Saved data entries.
------------------------------------------------

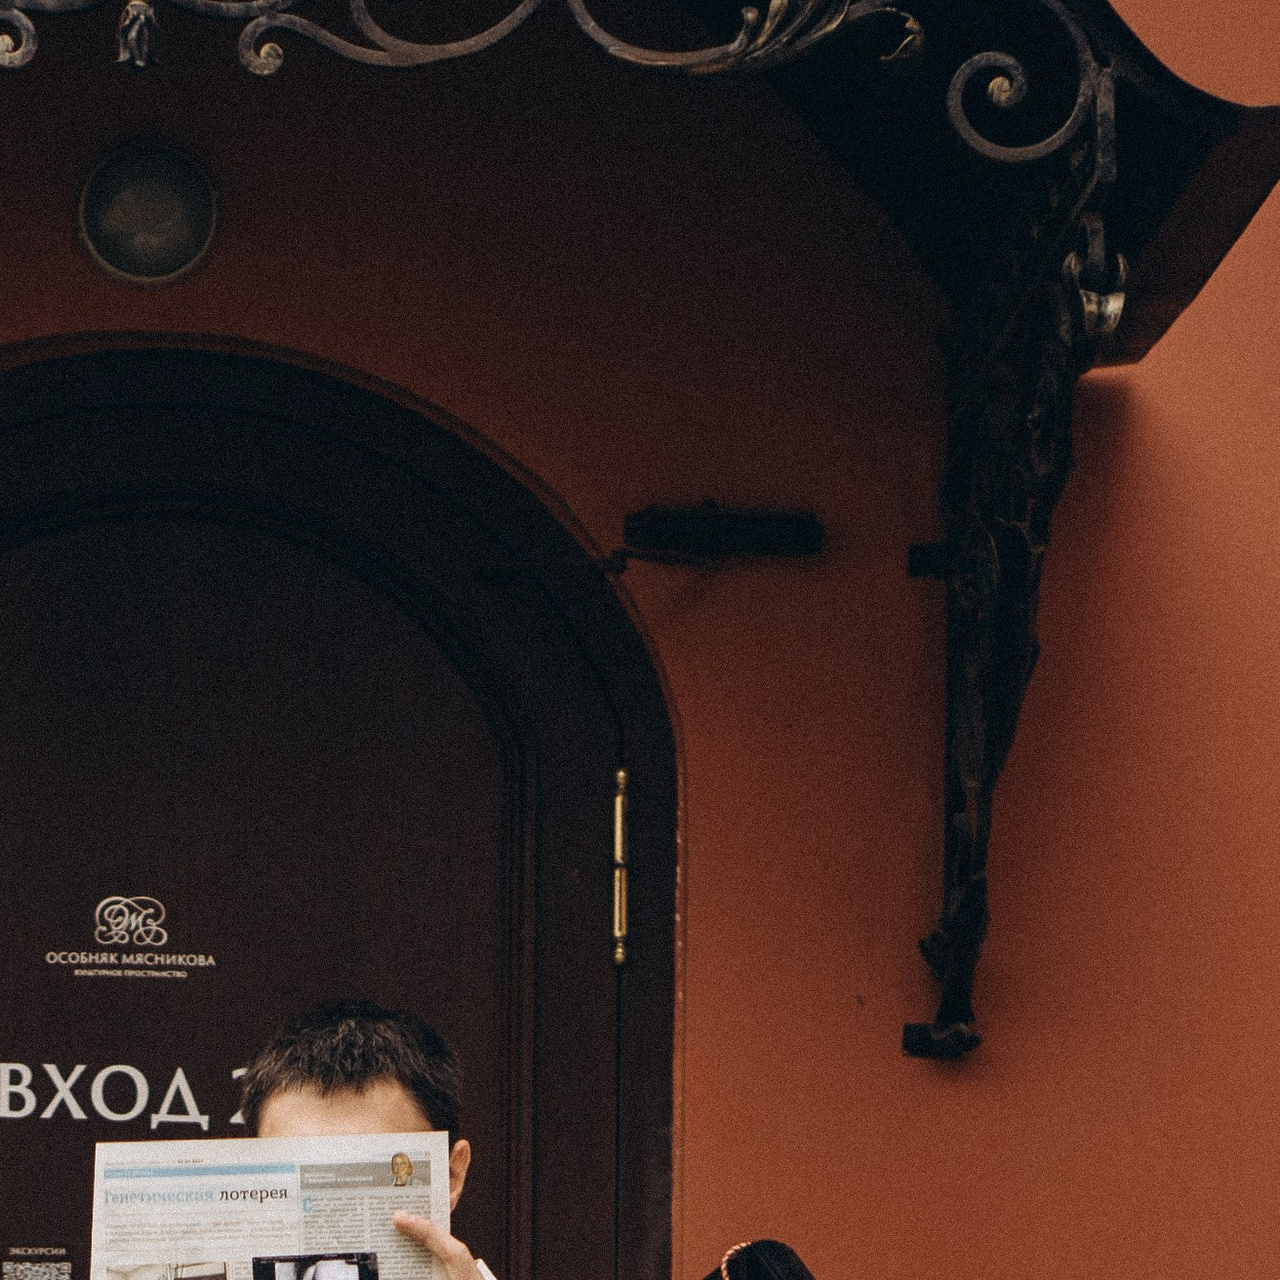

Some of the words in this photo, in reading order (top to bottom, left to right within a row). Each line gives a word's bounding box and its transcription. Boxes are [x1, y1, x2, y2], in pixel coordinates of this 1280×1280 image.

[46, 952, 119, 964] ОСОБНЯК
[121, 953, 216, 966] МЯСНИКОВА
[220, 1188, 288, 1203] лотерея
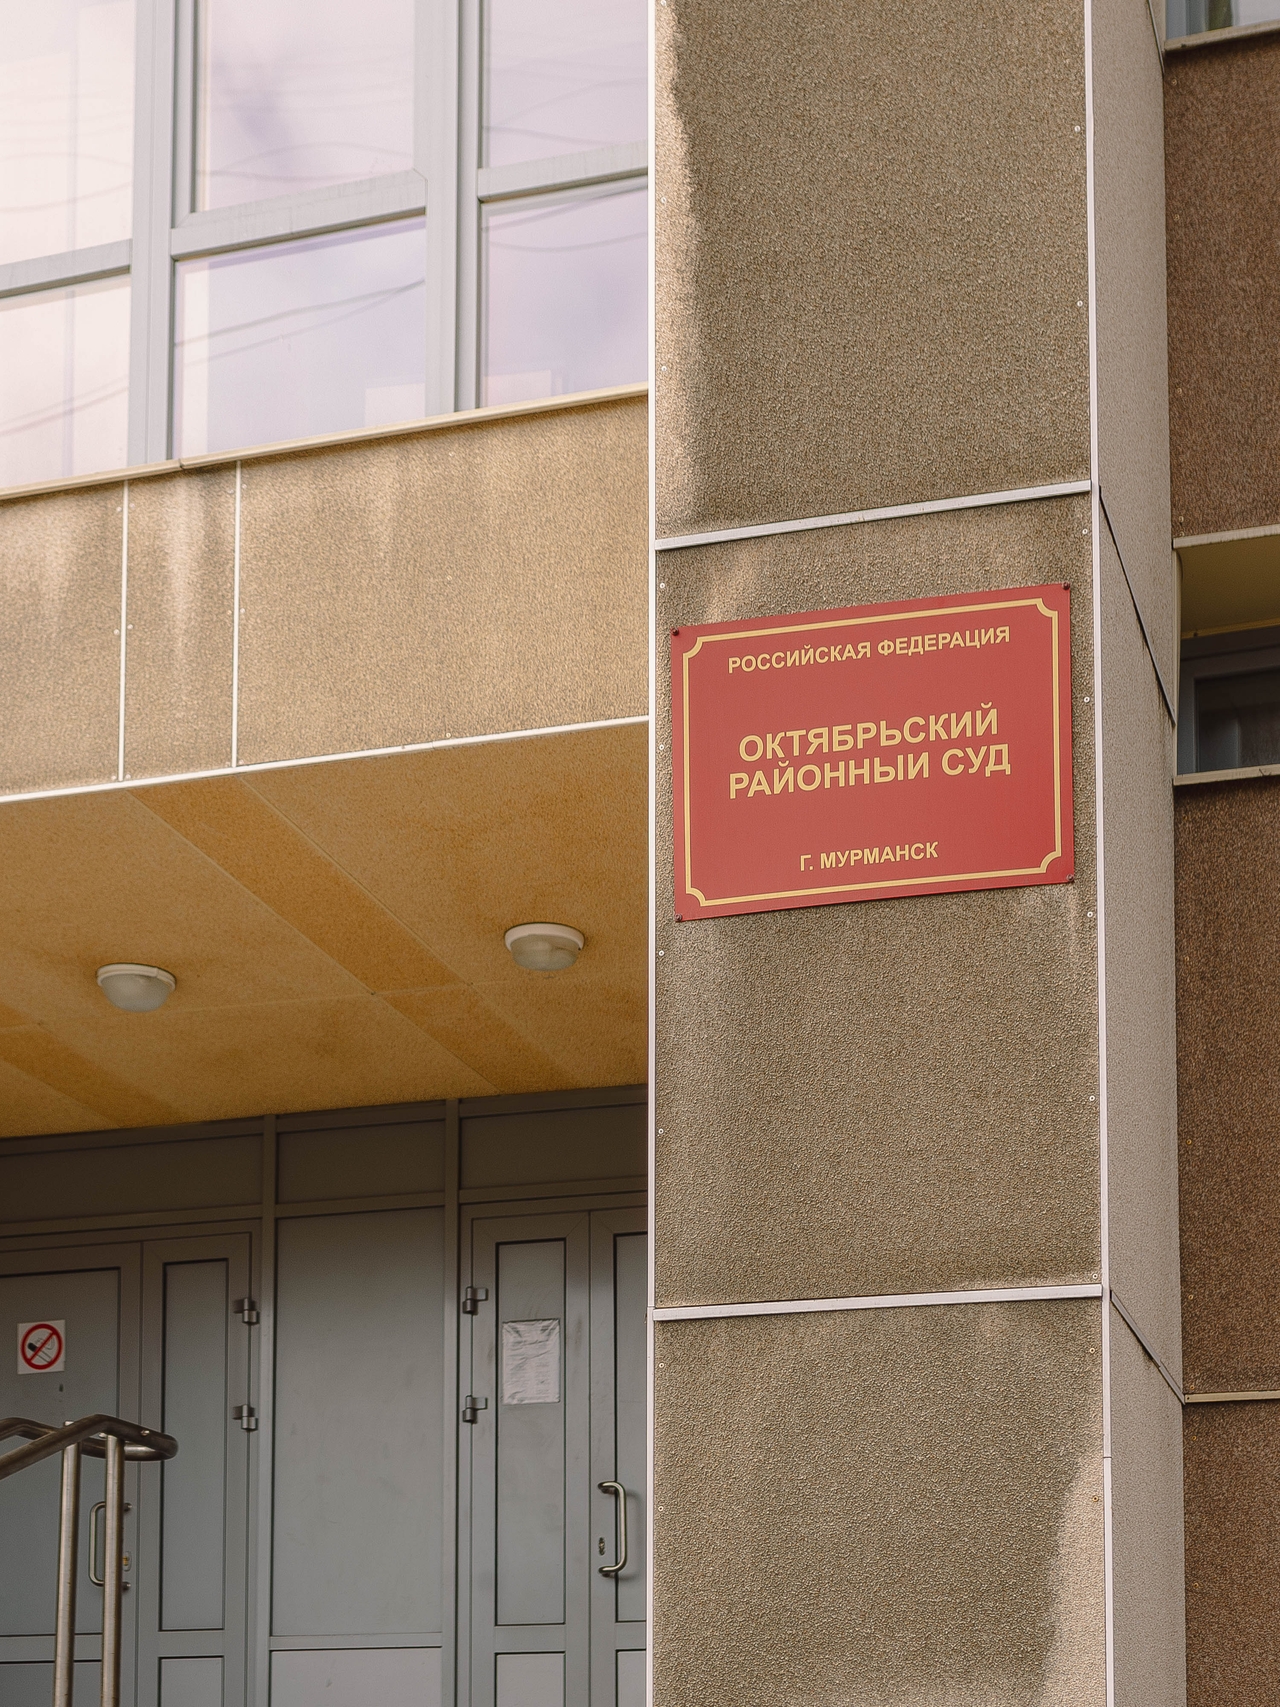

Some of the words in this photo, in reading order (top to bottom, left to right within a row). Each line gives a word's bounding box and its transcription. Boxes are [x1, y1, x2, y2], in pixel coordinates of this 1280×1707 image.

------------------------------------------------

What needs to be done.
When you reach a picture in the records above, pass over it and transcribe the rest exactly.

The completed task.
Some of the words in this photo, in reading order (top to bottom, left to right within a row). Each line gives a word's bounding box and its transcription. Boxes are [x1, y1, x2, y2], in pixel coordinates of this 1280×1280 image.

[46, 952, 119, 964] ОСОБНЯК
[121, 953, 216, 966] МЯСНИКОВА
[220, 1188, 288, 1203] лотерея

Some of the words in this photo, in reading order (top to bottom, left to right within a row). Each line gives a word's bounding box and its transcription. Boxes are [x1, y1, x2, y2], in pixel coordinates of this 1280×1707 image.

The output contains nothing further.